Koritini cleverly set up a video screen  alongside his piano where he displayed the words and images inspired by the poems,  as well as displaying his virtuoso piano playing.

His choice of poets was eclectic and interesting.  There was Percy Bysshe Shelley, who was not famous during his lifetime,  the wild and wondrous world of William Blake, brother and sister poets Dante Gabriel and Christina Rossetti, precocious poet with, rock star fame in his time in the late 19th century,  Arthur Rimbaud,  the romantic poetry of John Keats who sadly died too young of TB ( Anton spoke of how he visited Keats’s grave during one trip overseas), not so well known poet Thomas Lovell Beddoes  and the great twentieth century American poet, Robert Frost.

His  playing was passionate and the arrangements were sometimes complex. A favourite piece was the fiery arrangement to the  Robert Frost poem ‘Fire and Ice’ with the famous lines ‘Some people say the world end wth fire, some with ice, from what I’ve tasted of fire, I go with those who favour fire’.

Another favourite rendition of Shakespeare’s ‘Blow, blow thou winter wind’  with the easily relatable lines-‘most friendship is feigning, most loving mere folly’.

A pattern that one could see in his choice of poems was that he was attracted to, and enjoyed, mythological figures. There was a lot of reference to them during the performance.

Kortini had a good repartee with the audience between poems. He spoke of  how he grew up in a musical family and he knew he wanted to be a musician from early on. He could sing the tune to ‘Doctor Who’ when  he was just two years old and  composed his first very short piece before he reached double figures.

He had an interesting anecdote to tell about Dante Gabriel Rossetti. Rossetti was smitten with his wife  and when she died he was heartbroken. He put a manuscript of his latest poems in the grave with her. Some years later his publisher asked him for some new poems to publish and he didn’t have any. He received permission from the cemetery to open up his late wife’s grave and ‘rescue’ the manuscript which he then gave to his publisher.
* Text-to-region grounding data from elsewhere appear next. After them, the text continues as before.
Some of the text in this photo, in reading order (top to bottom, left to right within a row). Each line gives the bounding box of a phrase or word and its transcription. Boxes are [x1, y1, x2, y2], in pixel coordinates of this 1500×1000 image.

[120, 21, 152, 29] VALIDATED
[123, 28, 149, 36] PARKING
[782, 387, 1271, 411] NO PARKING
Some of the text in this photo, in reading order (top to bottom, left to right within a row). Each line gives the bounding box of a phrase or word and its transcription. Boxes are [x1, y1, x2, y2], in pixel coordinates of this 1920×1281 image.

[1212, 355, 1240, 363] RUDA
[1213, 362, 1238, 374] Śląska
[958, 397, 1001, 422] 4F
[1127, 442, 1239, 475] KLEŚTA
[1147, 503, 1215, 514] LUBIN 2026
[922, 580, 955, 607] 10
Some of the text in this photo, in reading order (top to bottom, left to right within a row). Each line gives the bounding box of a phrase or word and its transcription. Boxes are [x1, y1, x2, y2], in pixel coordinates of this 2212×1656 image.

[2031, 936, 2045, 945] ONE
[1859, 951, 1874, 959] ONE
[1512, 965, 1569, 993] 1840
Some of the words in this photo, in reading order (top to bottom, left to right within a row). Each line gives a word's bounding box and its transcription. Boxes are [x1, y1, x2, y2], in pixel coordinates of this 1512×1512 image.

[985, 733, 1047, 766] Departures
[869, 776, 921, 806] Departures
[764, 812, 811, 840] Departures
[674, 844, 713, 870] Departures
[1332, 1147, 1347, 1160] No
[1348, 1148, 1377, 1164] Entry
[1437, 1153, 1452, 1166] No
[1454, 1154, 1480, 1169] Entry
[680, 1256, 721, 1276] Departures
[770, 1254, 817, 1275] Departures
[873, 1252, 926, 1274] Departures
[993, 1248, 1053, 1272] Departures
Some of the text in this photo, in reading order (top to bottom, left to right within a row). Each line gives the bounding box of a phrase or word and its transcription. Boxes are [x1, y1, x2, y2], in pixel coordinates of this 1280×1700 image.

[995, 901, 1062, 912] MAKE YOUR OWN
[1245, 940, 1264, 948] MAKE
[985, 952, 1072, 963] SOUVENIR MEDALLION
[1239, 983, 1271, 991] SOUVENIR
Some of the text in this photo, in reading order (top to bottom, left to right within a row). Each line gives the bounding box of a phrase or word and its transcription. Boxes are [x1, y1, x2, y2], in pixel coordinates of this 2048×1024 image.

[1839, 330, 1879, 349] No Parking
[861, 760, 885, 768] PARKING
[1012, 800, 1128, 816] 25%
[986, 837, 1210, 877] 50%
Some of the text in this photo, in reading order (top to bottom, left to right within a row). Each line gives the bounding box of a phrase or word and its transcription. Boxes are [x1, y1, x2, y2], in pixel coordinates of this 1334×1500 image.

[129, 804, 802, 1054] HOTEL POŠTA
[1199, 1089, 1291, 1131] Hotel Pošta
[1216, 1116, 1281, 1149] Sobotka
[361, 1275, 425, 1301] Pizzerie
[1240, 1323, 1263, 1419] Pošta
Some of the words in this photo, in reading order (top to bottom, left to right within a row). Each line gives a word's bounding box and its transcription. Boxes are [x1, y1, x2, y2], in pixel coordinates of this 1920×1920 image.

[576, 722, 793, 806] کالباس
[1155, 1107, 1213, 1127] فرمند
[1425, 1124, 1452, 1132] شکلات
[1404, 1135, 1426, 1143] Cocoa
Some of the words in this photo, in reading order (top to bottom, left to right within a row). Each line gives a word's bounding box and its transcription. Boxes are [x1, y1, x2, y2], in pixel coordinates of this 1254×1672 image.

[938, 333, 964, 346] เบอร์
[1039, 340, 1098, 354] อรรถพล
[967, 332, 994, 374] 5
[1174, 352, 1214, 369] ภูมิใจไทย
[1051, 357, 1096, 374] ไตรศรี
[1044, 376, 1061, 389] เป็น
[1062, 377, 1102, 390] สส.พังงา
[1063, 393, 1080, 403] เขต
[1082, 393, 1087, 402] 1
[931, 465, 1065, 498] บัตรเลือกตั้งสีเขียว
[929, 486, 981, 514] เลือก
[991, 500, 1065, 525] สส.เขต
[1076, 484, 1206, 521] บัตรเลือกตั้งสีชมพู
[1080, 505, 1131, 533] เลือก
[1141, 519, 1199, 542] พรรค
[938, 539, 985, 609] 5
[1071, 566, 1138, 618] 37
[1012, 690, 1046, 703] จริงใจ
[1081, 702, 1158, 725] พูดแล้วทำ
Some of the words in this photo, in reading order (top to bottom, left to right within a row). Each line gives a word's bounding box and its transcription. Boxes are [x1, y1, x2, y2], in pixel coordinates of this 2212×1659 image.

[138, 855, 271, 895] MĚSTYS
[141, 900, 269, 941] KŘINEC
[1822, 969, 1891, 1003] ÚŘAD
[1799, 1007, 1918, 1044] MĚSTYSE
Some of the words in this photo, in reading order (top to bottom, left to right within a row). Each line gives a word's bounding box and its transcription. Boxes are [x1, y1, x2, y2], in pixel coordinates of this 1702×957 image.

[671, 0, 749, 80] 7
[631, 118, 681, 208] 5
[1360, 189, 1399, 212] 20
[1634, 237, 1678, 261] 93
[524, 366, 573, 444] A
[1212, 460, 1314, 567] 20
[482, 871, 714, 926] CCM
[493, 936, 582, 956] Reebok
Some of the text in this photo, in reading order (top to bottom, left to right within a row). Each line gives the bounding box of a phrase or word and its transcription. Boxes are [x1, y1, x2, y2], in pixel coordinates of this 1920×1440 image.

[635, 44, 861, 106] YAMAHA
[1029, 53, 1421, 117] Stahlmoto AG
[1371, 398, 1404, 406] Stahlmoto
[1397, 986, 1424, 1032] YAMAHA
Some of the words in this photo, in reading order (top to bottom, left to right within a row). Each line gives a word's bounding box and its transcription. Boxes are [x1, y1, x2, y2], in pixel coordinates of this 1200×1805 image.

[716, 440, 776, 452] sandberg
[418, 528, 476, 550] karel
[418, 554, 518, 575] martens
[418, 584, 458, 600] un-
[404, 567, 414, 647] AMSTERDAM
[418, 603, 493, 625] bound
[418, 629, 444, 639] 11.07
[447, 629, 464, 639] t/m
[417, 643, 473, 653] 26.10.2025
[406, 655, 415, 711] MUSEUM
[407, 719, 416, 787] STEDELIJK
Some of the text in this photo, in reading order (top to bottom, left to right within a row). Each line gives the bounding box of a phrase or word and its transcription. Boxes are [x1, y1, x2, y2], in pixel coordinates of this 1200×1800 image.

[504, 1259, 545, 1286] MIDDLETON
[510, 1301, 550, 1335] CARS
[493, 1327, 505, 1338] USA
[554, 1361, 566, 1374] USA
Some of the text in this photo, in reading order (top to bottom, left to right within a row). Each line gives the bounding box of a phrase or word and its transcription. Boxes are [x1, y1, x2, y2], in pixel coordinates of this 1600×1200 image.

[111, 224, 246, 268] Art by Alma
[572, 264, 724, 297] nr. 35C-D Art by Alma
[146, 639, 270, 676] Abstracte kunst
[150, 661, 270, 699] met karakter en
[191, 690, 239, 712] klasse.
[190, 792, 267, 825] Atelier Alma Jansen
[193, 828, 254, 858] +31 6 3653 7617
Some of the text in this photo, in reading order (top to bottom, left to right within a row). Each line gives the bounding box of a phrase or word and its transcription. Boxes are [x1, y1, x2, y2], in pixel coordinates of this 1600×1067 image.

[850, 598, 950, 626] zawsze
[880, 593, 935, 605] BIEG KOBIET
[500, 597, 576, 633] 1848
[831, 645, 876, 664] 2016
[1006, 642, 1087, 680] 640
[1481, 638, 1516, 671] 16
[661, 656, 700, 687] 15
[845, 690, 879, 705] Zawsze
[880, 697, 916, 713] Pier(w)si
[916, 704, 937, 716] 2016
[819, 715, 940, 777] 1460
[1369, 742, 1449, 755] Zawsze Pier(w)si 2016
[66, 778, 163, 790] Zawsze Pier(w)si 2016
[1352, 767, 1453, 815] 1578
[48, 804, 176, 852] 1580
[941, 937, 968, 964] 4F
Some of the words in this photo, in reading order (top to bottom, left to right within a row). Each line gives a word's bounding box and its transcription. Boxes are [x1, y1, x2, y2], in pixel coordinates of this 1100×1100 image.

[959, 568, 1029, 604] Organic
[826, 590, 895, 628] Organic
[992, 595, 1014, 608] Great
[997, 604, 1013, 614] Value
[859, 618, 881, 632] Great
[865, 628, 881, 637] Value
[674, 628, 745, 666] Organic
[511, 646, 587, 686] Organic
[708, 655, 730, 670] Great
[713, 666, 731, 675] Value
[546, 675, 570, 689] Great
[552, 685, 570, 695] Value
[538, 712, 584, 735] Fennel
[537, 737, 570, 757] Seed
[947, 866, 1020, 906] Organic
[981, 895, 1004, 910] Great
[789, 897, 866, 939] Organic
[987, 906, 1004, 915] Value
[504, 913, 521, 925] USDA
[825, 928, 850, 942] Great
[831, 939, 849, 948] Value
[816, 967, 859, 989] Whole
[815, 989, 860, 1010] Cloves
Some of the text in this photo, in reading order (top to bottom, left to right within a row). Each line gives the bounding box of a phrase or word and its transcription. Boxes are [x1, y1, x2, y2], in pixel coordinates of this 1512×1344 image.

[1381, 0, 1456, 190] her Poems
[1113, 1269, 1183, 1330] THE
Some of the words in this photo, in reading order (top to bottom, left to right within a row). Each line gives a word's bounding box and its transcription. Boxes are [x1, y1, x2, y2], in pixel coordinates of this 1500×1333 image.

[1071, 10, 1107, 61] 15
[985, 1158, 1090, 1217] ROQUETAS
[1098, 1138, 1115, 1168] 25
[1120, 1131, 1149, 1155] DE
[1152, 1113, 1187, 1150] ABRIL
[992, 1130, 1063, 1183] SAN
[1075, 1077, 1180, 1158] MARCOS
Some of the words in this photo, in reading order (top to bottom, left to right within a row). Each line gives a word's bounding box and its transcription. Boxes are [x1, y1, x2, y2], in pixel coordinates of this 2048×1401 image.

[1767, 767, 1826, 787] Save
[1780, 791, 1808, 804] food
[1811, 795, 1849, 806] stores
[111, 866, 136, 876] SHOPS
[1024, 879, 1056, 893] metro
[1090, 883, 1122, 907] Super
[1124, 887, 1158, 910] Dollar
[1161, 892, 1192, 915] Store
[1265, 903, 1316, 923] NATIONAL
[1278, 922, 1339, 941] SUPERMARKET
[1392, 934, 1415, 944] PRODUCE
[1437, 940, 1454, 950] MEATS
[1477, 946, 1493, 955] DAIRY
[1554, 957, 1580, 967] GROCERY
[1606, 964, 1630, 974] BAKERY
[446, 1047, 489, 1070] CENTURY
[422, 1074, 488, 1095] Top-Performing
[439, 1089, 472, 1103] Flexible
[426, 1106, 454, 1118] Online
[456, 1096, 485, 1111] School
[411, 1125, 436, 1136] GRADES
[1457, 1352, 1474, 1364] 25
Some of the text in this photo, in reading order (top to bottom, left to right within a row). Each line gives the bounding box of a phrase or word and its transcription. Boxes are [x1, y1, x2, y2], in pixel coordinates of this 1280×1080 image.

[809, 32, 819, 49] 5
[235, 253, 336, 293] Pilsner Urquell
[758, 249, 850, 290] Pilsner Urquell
I spoke to Koritini briefly after the performance. He spoke of how he is from a Russian background and that his surname is much longer than the stage name he uses! More to the point he is planning a CD release around March next year featuring the poems he performed. He also is planning is to take part on some Arts Festival circuits in the new year.

Verdict. A good night out. An intoxicating mix of the finest poetry with some virtuoso piano playing. The performance played for one night only on the 27th September at the Sound Lounge as part of this year’s Sydney Fringe Festival.